Nosso ordenamento jurídico privilegia a força dos contratos, a sua manutenção e trata a sua revisão como verdadeira exceção. O legislador foi bastante cuidadoso para evitar e até mesmo dificultar a revisão (e até mesmo a resolução) dos contratos, trazendo dispositivos legais bastantes restritivos (a exemplo dos artigos 317, 478 e 479 do Código Civil), ao exigir para tanto imprevisibilidade, onerosidade excessiva, com extrema vantagem para a outra parte, tratar-se de evento extraordinário e/ou impossível de evitar ou impedir.
Isso é importantíssimo na medida em que confere segurança jurídica aos negócios e, por corolário, encoraja o empreendedorismo e a realização de transações, impulsionando a economia. Não fosse assim, não tivesse cada parte a certeza (ao menos jurídica, afinal toda atividade traz risco) das consequências do negócio jurídico, não se atreveria a nele entrar ou o seu custo seria mais elevado.
O ponto crucial na análise da pretensão de revisão do contrato, portanto, são as consequências do evento no caso concreto, ou seja, em cada uma das partes envolvidas. Com esta análise caso-a-caso, evita-se o oportunismo, uma inadimplência generalizada e até mesmo o agravamento da situação econômica já tão negativamente impactada com o evento imprevisto e seus efeitos. E isso se dá porque um mesmo evento, ao mesmo tempo em que pode prejudicar alguns ou muitos, pode também beneficiar outros. Assim, deve-se analisar faturamento, contas a pagar, contas a receber, inadimplências, etc., para se aferir a (im)possibilidade temporária ou definitiva de cumprir a obrigação.
Imagine uma empresa que produz álcool em gel ou mesmo máscaras cirúrgicas. O evento pandêmico provavelmente não a atingiu negativamente, muito pelo contrário. O mesmo não se pode falar de empresas do ramo de turismo, que em sua maioria praticamente pararam as atividades. Aí estão claros exemplos de que o mesmo evento (pandemia) atingiu de forma completamente diferente certos mercados e certas empresas. Por tal motivo, não se pode simplesmente revisar um contrato em razão da pandemia, ainda que seja ela imprevisível, etc.

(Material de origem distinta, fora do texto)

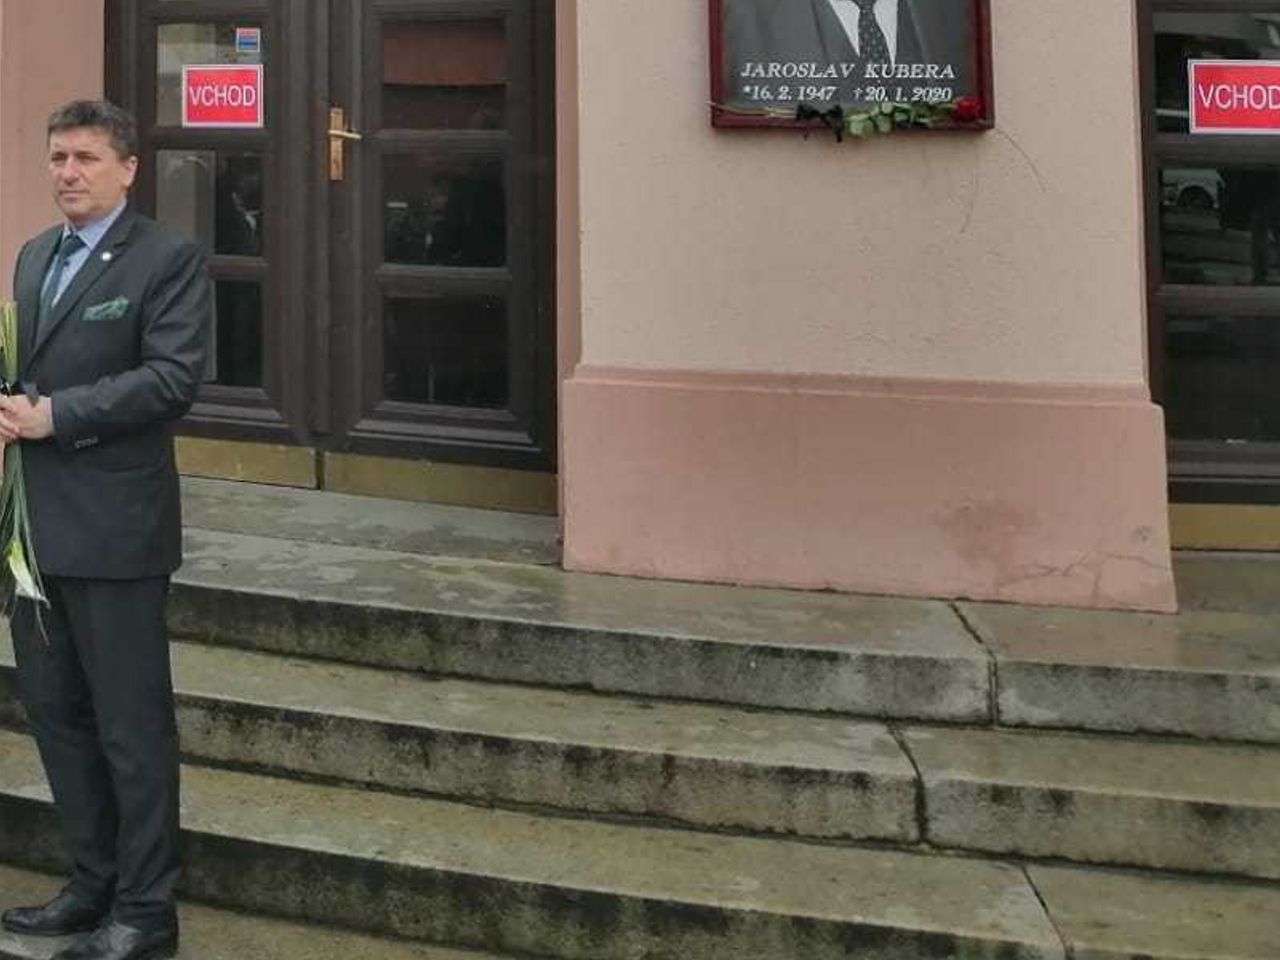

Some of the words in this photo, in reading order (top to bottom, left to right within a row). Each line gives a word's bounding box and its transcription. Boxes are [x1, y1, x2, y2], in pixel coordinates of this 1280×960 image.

[740, 62, 855, 79] JAROSLAV
[864, 62, 956, 79] KUBERA
[187, 85, 257, 107] VCHOD
[777, 86, 793, 101] 2.
[799, 85, 838, 101] 1947
[895, 87, 908, 102] 1.
[911, 86, 953, 102] 2020
[1198, 83, 1280, 109] VCHOD

Deve-se provar que houve uma alteração das condições contratadas (superveniência) e que tal alteração causou um desequilíbrio nas relações e/ou impossibilidade ou dificuldade de cumprimento.
Portanto, no citado caso do mercado de turismo, por exemplo, justifica-se (verificando-se o impacto real na parte requerente) a revisão dos contratos, para postergar pagamentos ou diminuir valores, ou mesmo, a depender das circunstâncias, resolver contrato, sem penalidade.
Por seu turno, credores de uma empresa brasileira que produzia respiradores e estava em recuperação judicial há anos, pagando as dívidas lentamente e a baixas prestações, foram ao Judiciário buscar o seu direito de rever as condições contratuais do plano de recuperação judicial, para majorar os pagamentos. E conseguiram!
Como se vê, a análise detida do caso concreto é crucial e determinante para se verificar o direito de revisar contratos, que deve ser usado como medida excepcional, privilegiando, sempre que possível, as condições contratadas.